7 Treatment and Diagnostic Outlook

Preparations for specific immunotherapy are currently available for storage mite allergy only in Germany. Studies on subcutaneous and sublingual immunotherapy of cockroach allergy are currently underway in the USA (Wood et al. 2014), and the results are promising.

Given that a variety of arthropod allergens (e.g., cockroach, tick, and storage mite) are already well characterized and for the most part available as recombinant molecules, the way has been paved for the development of IgE-based diagnostic tests using individual allergen components.

Conclusions

Although not well standardized, the available extracts permit IgE-based diagnosis of allergies to cockroaches, storage mites, and storage pests.
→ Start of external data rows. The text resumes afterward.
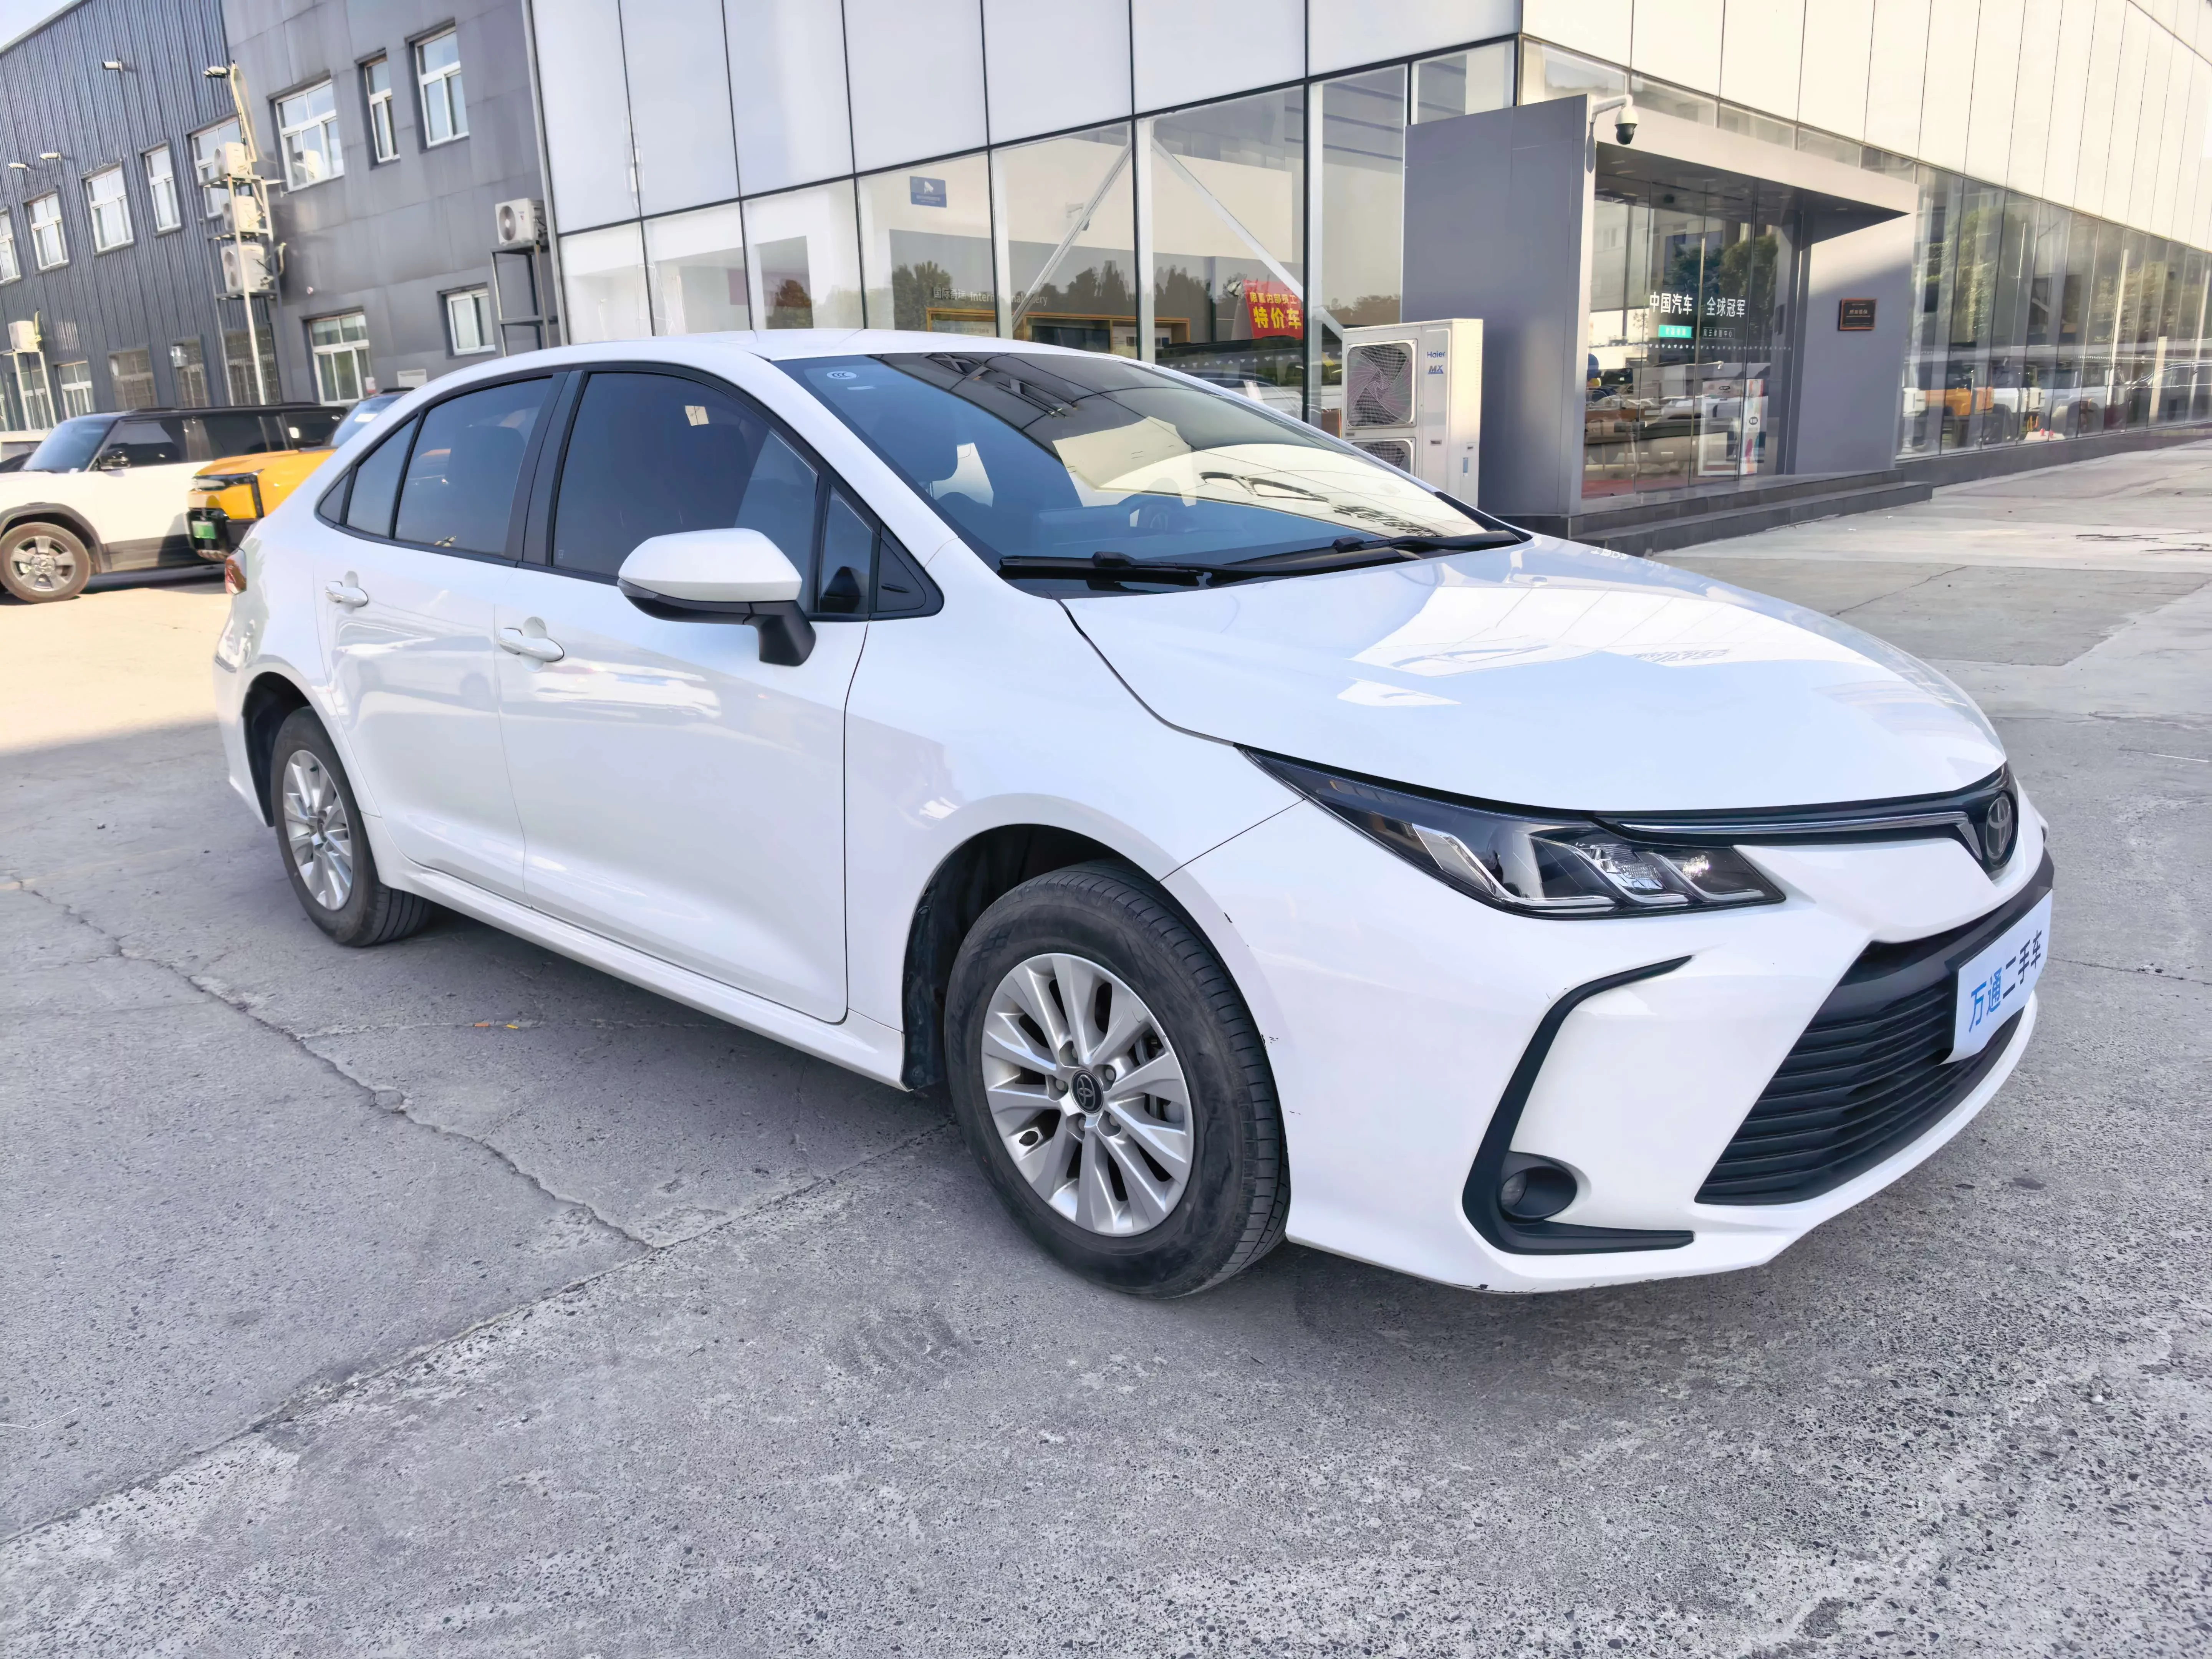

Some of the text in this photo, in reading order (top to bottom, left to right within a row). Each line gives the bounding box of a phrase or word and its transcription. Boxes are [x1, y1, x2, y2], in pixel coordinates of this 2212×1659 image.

[1649, 291, 1745, 318] 中国汽车 全球冠军
[1253, 306, 1302, 329] 特价车
[1428, 364, 1444, 374] MX
[1969, 930, 2042, 1033] 万通二手车
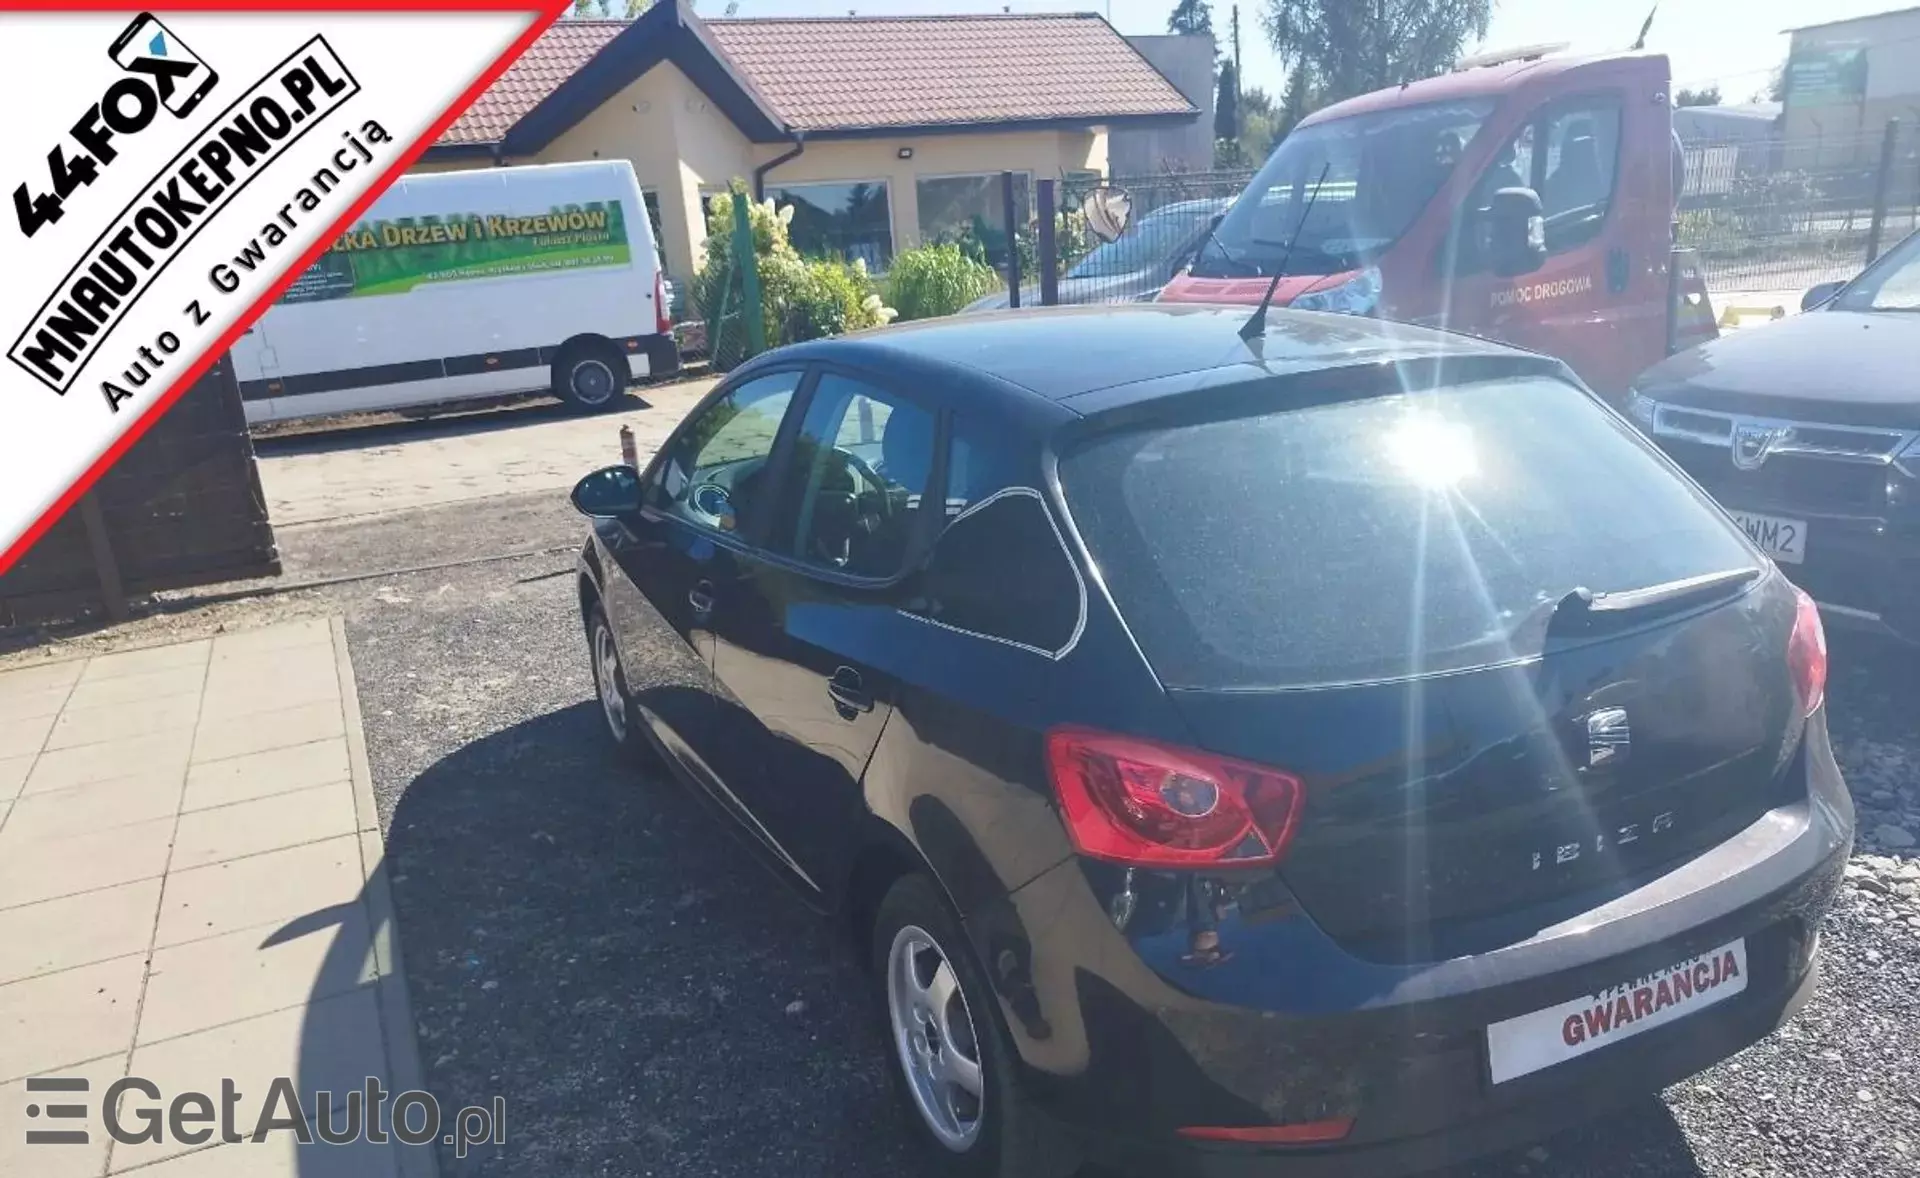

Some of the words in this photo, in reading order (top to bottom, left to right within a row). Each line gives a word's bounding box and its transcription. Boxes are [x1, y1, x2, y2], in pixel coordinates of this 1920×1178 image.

A future broadening of IgE-based diagnostics with individual allergens would be beneficial.

An important goal for further developments in molecular testing systems should be the use of marker allergens for the unequivocal detection of sensitization and differentiation from cross-reactions. Marker allergens for tick sensitization, such as Arg r 1 from the pigeon tick, could be used to exclude pigeon tick allergy in cases of unexplained anaphylaxis.